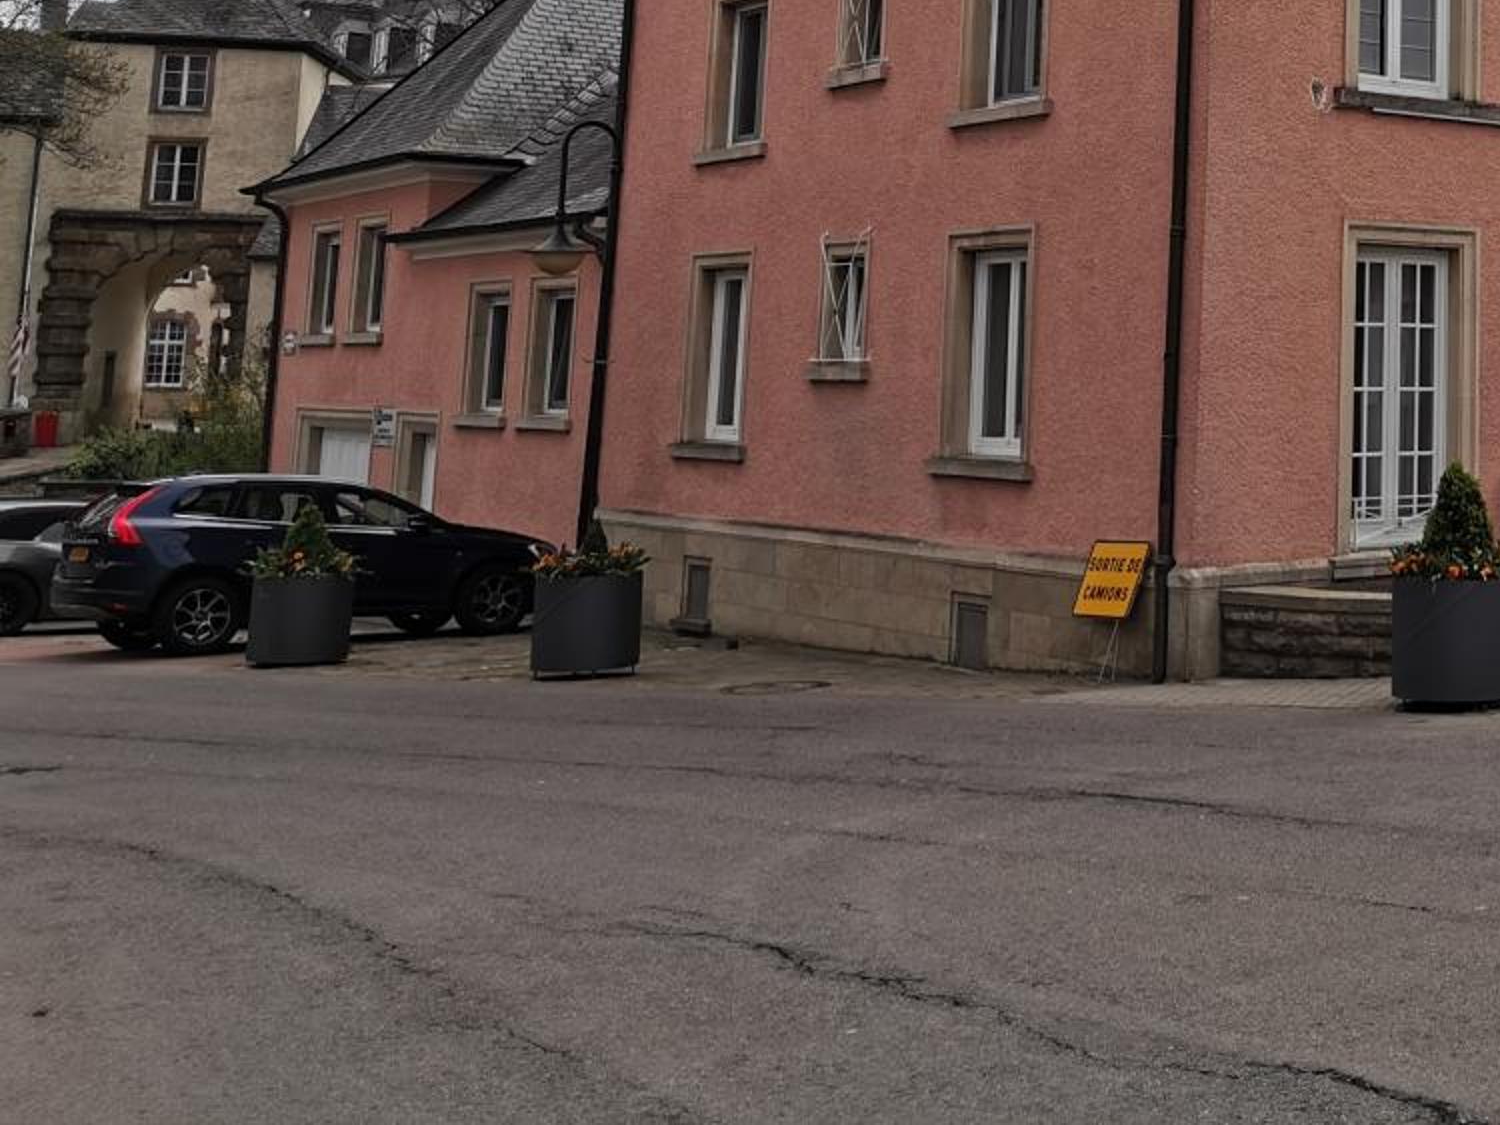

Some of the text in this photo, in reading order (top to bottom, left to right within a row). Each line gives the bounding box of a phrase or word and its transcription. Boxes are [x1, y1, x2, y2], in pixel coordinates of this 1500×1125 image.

[1089, 556, 1142, 573] SORTIE DE
[1082, 586, 1129, 602] CAMIONS
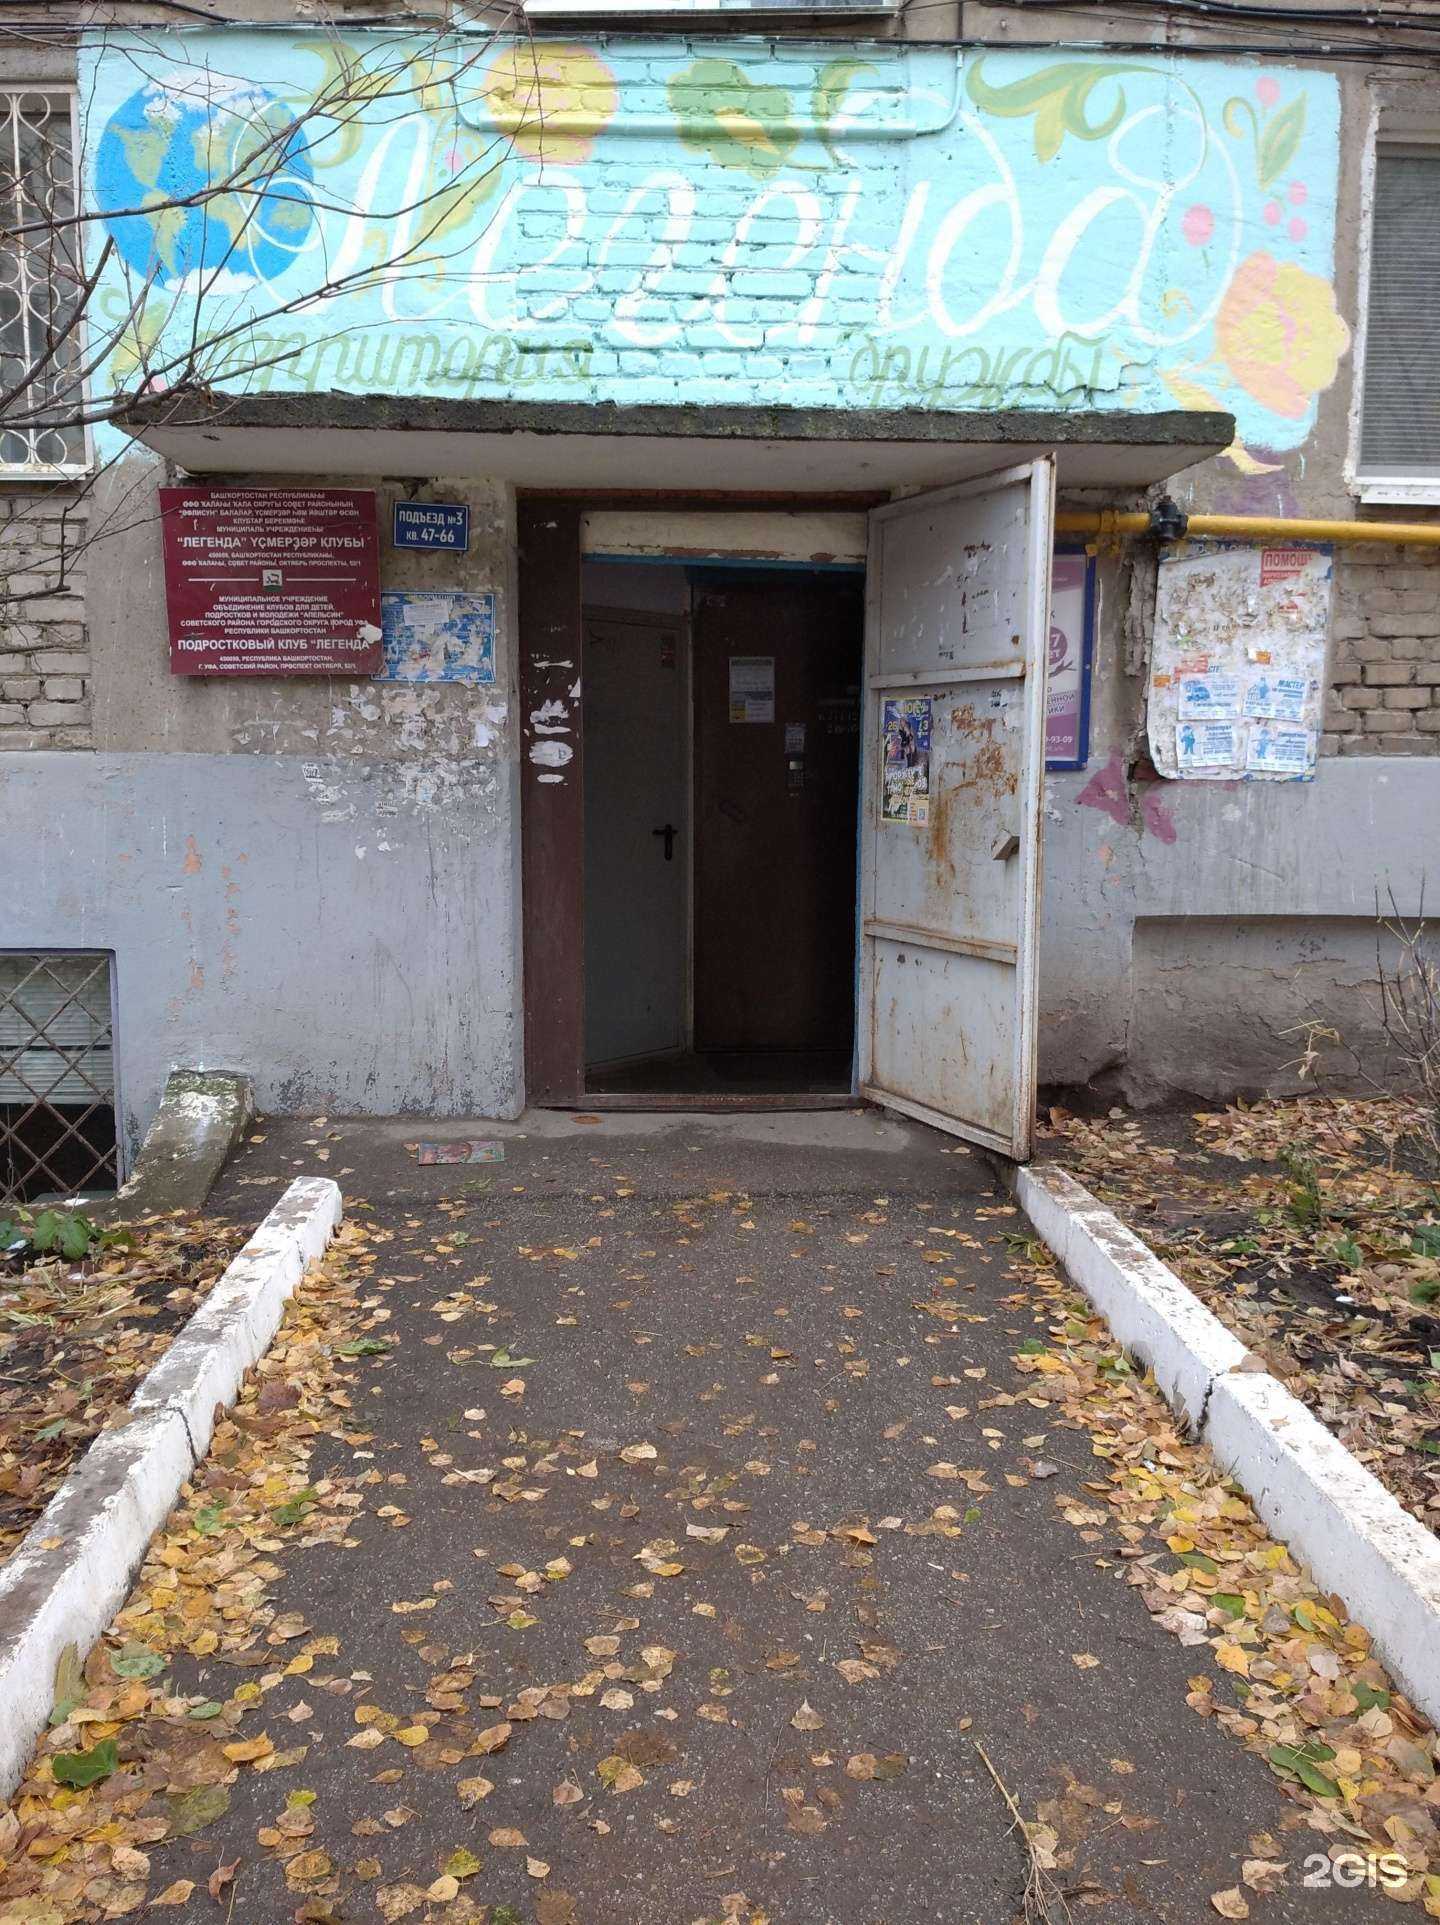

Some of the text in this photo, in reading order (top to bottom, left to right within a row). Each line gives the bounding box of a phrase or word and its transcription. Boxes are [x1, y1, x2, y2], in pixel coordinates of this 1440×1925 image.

[399, 510, 445, 526] ПОДЪЕЗД
[177, 536, 247, 549] "ЛЕГЕНДА"
[320, 537, 365, 548] КЛУБЫ
[421, 528, 455, 543] 47-66
[177, 637, 275, 651] ПОДРОСТКОВЫЙ
[278, 639, 308, 650] КЛУБ
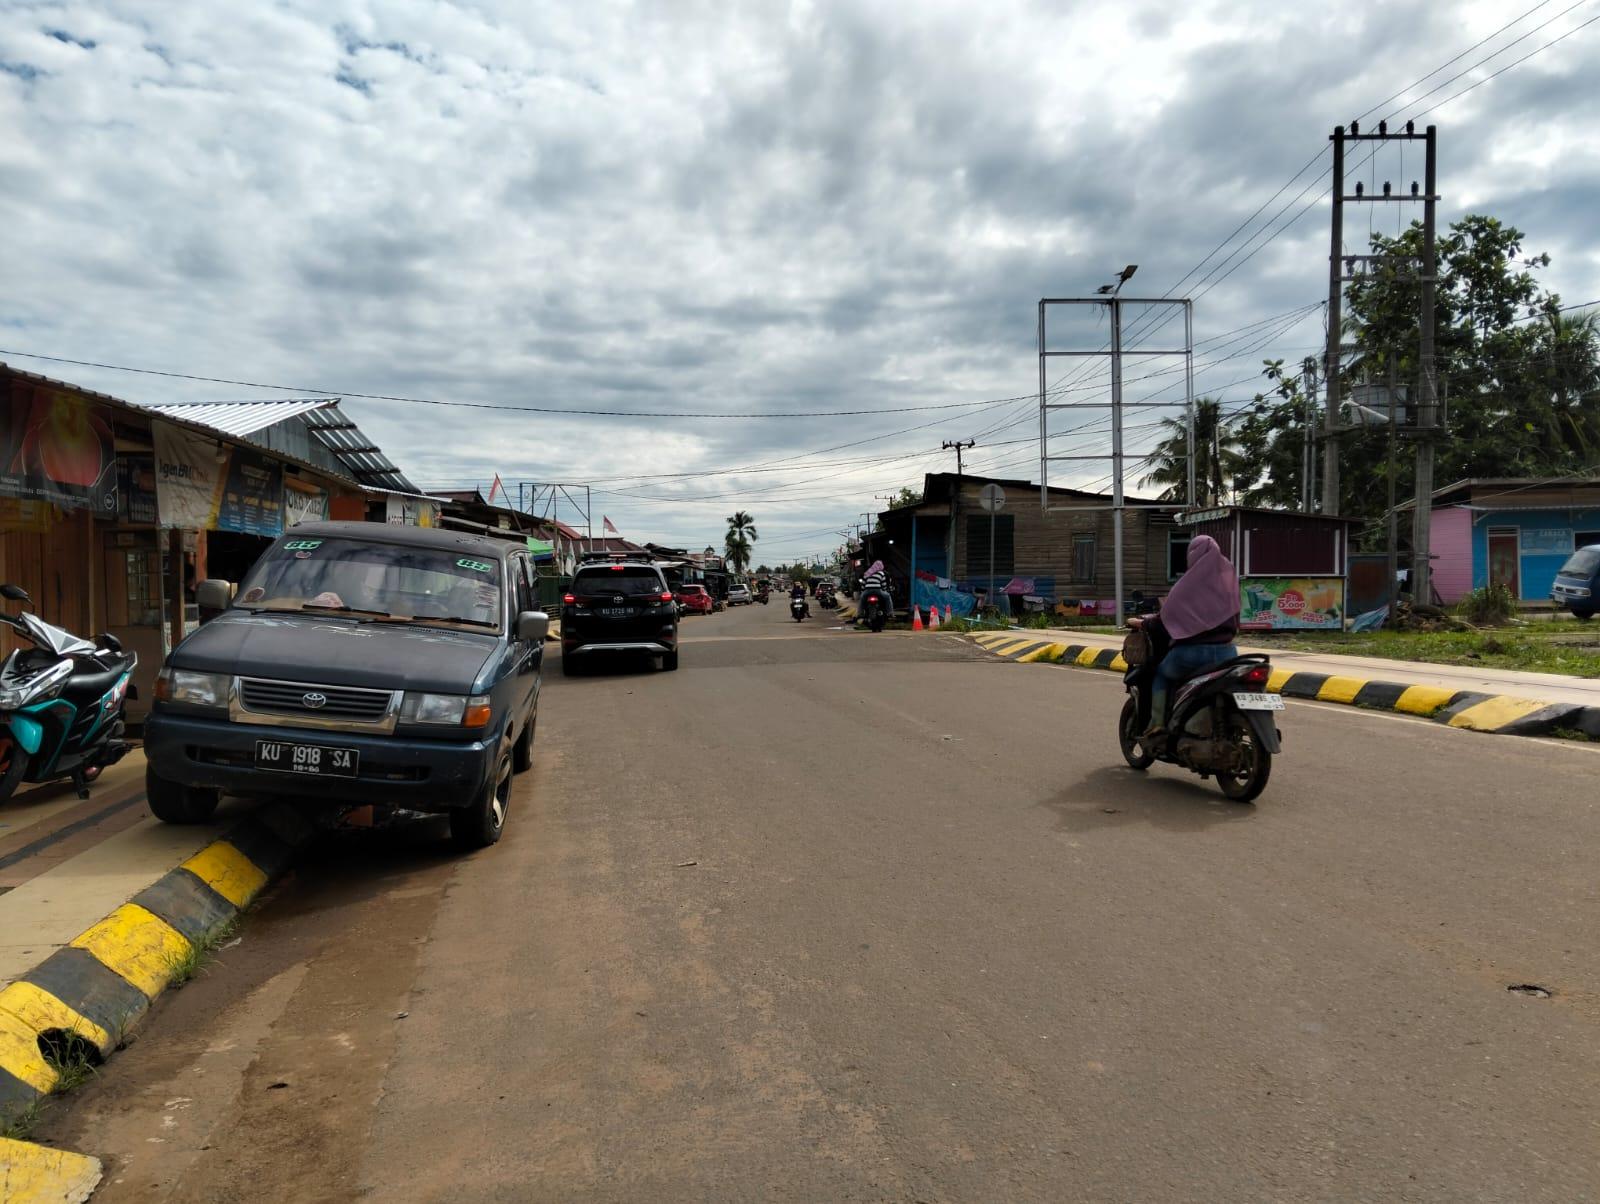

:::

> [WORK REQUEST]: Every line from the one holding "this 1440×1925 image." through the last line of the entries above, and nothing else, is to be restated word for word. Pictures stay out.

> [SOLVED EXERCISE]:
Some of the text in this photo, in reading order (top to bottom, left to right within a row). Each line gives the bounding box of a phrase or word and its transcription. Boxes are [x1, y1, x2, y2], in pixel coordinates of this 1440×1925 image.

[399, 510, 445, 526] ПОДЪЕЗД
[177, 536, 247, 549] "ЛЕГЕНДА"
[320, 537, 365, 548] КЛУБЫ
[421, 528, 455, 543] 47-66
[177, 637, 275, 651] ПОДРОСТКОВЫЙ
[278, 639, 308, 650] КЛУБ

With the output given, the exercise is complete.